Task to complete: Could you repeat the records below exactly, without the pictures?

── Material provided ──

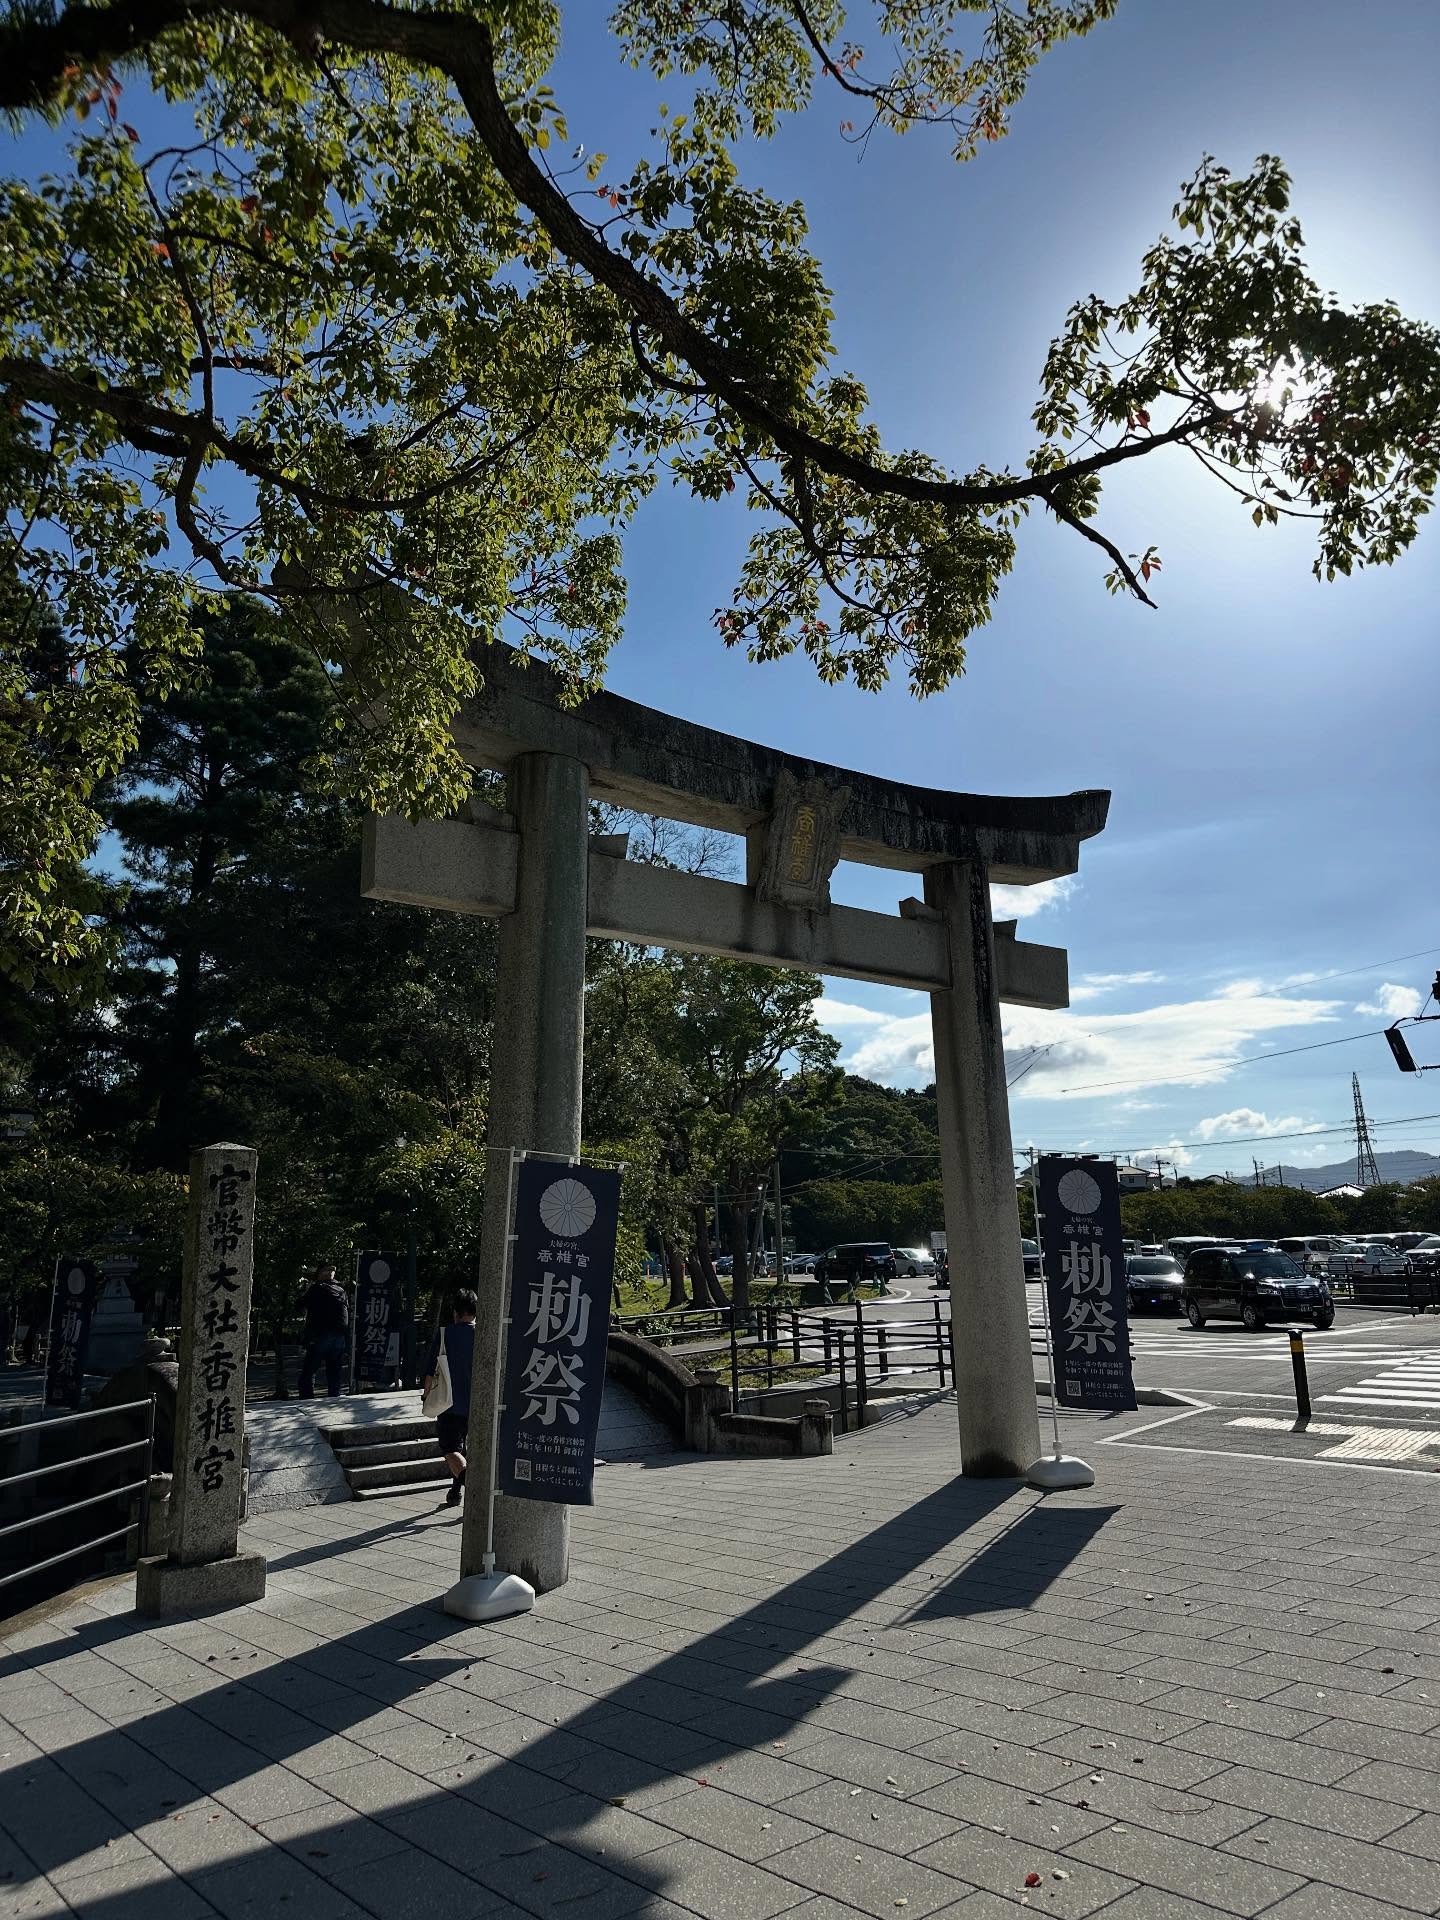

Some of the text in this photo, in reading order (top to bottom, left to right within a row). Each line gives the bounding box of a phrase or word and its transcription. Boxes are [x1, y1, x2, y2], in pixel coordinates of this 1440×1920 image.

[537, 1249, 590, 1268] 香椎宮
[1062, 1224, 1104, 1236] 香椎宮
[193, 1163, 250, 1494] 官幣大社香椎宮
[364, 1297, 390, 1355] 勅祭
[1059, 1240, 1118, 1353] 勅祭
[519, 1271, 593, 1426] 勅祭

───

Solution to this exercise:
Some of the text in this photo, in reading order (top to bottom, left to right within a row). Each line gives the bounding box of a phrase or word and its transcription. Boxes are [x1, y1, x2, y2], in pixel coordinates of this 1440×1920 image.

[537, 1249, 590, 1268] 香椎宮
[1062, 1224, 1104, 1236] 香椎宮
[193, 1163, 250, 1494] 官幣大社香椎宮
[364, 1297, 390, 1355] 勅祭
[1059, 1240, 1118, 1353] 勅祭
[519, 1271, 593, 1426] 勅祭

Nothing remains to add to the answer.